Генерал и его семья — страница 39 из 91

Неглубокая чаша терпения переполнилась, когда эта подружка уже в дверях (Лева, слава Богу, убежал раньше по каким-то музыкантским делам) посмотрела на Большую Берту и сказала:

— Машка, ну что ж ты так этими тенями мажешься, смотреть страшно.

— Какая есть. Желаю вам другую! — выпалила бедная Маша.

— Чего-чего? — рассмеялась Аня. — Ну зачем же нам другую? Я тебя и такую люблю — размалеванную! Не дуйся!

И разлучница ушла, а Машка разрыдалась от унижения — сообразив, что вместо того, чтобы поставить на место обнаглевшую подружку, только подчеркнула этою ахматовской строчкой свою от нее зависимость, ведь даже и стихотворения этого не читала, только слышала, как Анечка цитирует.

И когда на следующий день генеральская дочь позже обычного подошла к библиотеке, она увидела рядового Блюменбаума, приплясывающего от мороза перед закрытой дверью, — Машка стала ходить на обед домой.

Глава пятнадцатая

Гарнизонная жизнь мало имела для меня привлекательности.

А. Пушкин

Генерал Деникин в своих воспоминаниях сдержанно укоряет автора знаменитой повести «Поединок» — по отдельности-де в царской армии такие офицеры, к сожалению, встречались, но чтоб целый полк?! Не было такого и быть не могло!

Упрек странный и совсем не учитывающий ни специфику литературного творчества вообще, ни конкретные цели, стоявшие перед Куприным, — потрафить интеллигентной и прогрессивной публике, телеграфисту Ятю, например, или Максиму Горькому. Не для генералов писано.

На сайте GoldLit.Ru безымянный наставник современной учащейся молодежи пишет:

«Повесть А. Куприна не просто зарисовки быта захолустного гарнизона: перед нами огромное социальное обобщение. Читатель видит будничную жизнь царской армии, муштру, помыкание подчиненными, а вечером еще пьянство и разврат среди офицеров, что, по сути, является отражением всей картины жизни царской России».

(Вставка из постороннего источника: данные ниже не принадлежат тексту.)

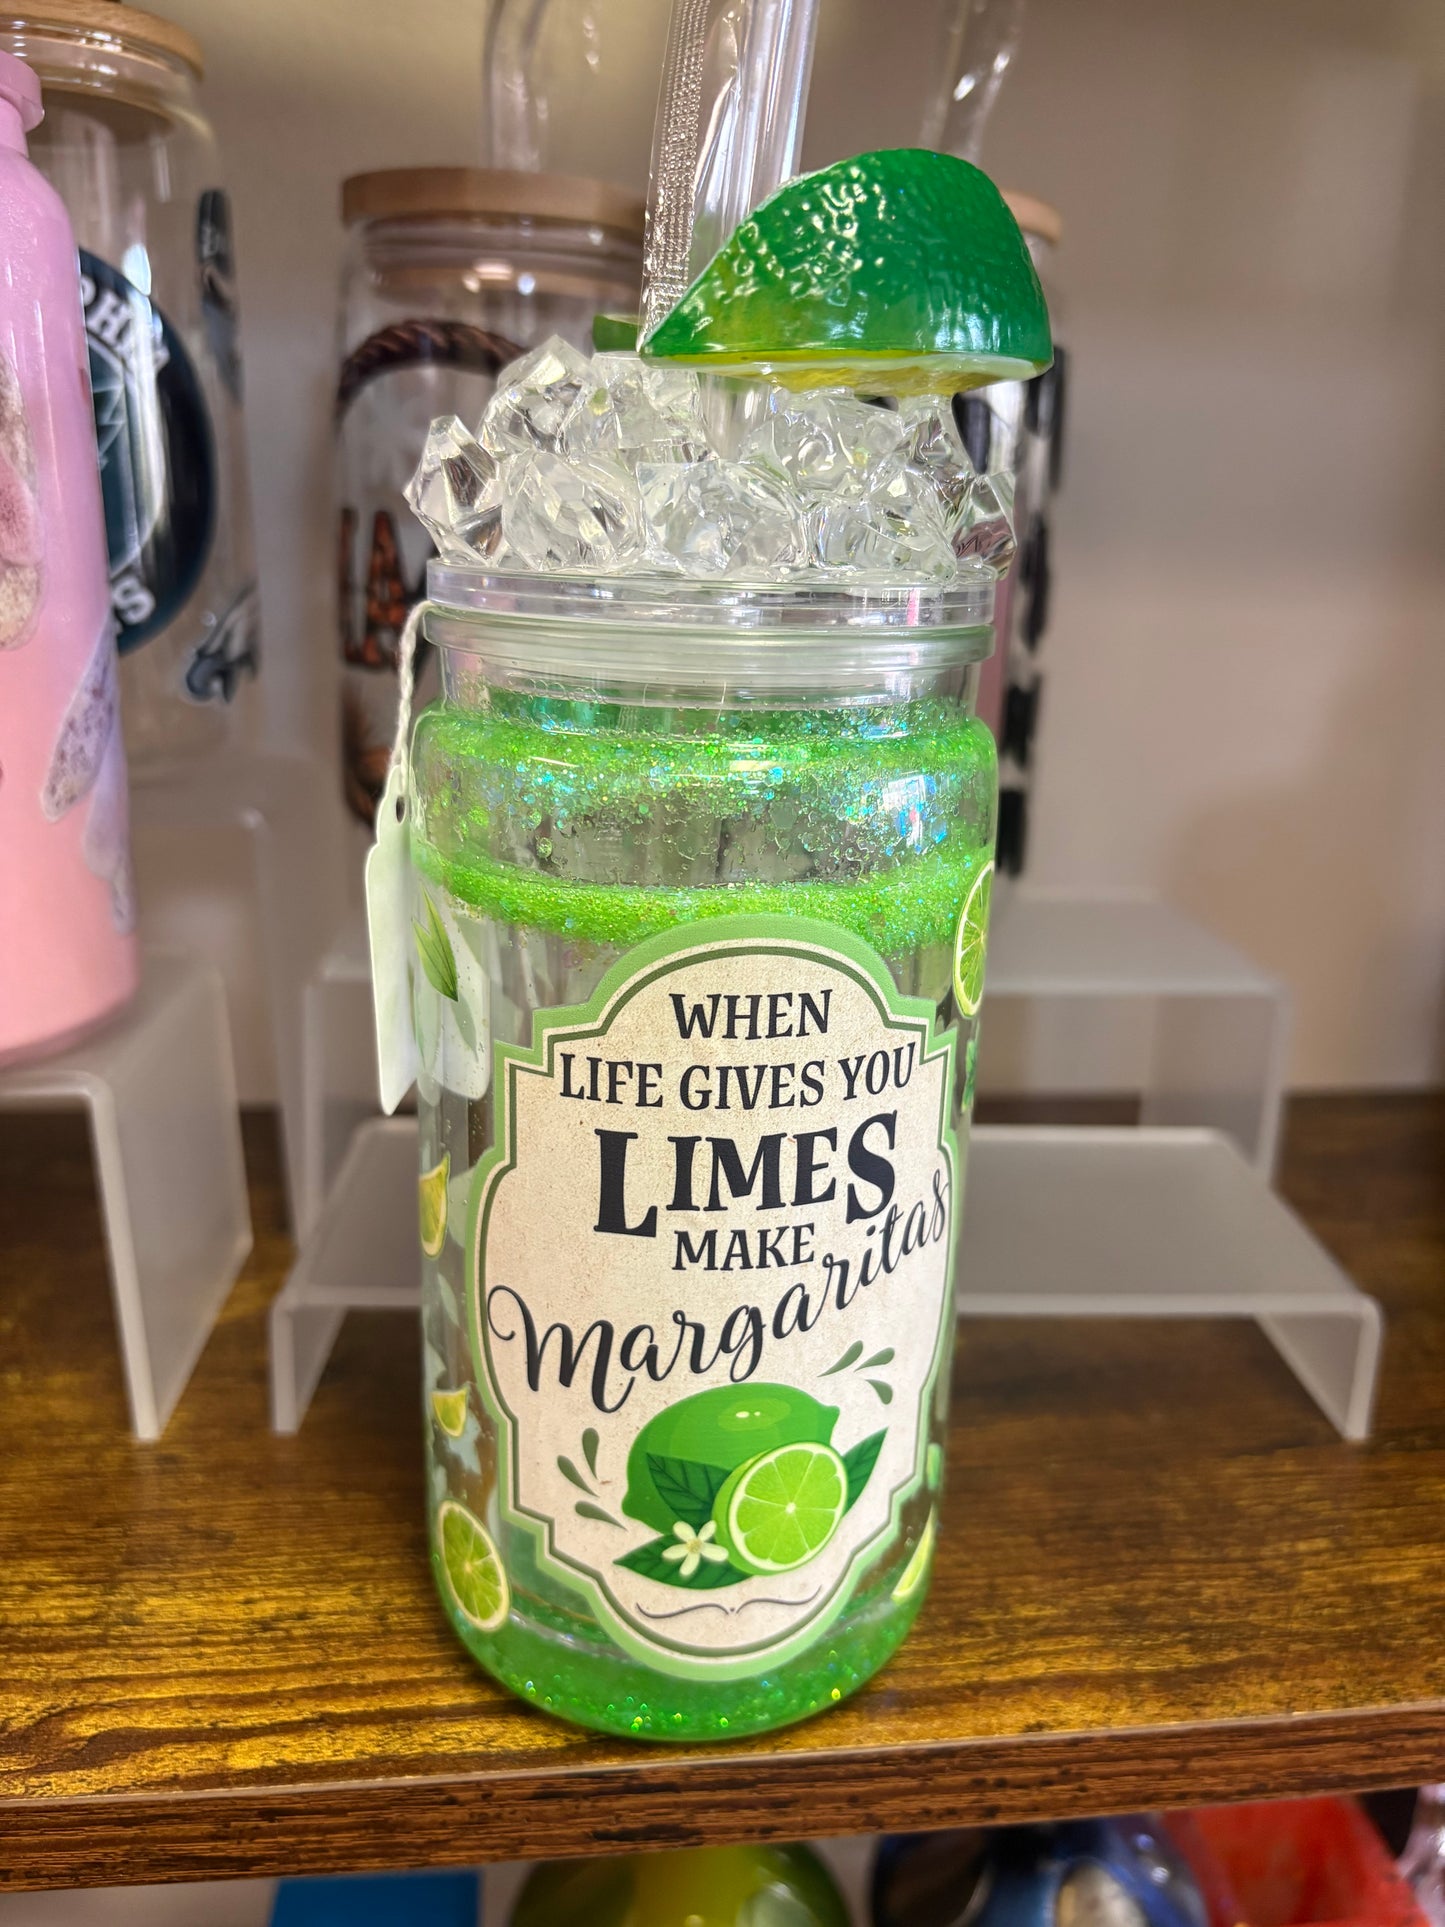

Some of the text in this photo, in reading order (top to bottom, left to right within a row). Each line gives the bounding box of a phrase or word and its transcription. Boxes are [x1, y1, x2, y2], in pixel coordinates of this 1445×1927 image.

Я-то в принципе тоже не прочь и Ятю понравиться, и создать — как там? — не просто зарисовку, а огромное социальное обобщение, являющееся отражением… но врать все-таки не хочется.

Поэтому я и хотел поместить Левушку Блюменбаума в ту самую роту связи, где я сам более или менее стойко переносил тяготы и лишения воинской службы, и пусть бы вокруг него происходило ровно то, что некогда поражало, страшило и смешило меня самого, без всяких особых выдумок, преувеличений и метафор. Чтобы все было, так сказать, по чесноку, или, как тогда говорили, по Чехову.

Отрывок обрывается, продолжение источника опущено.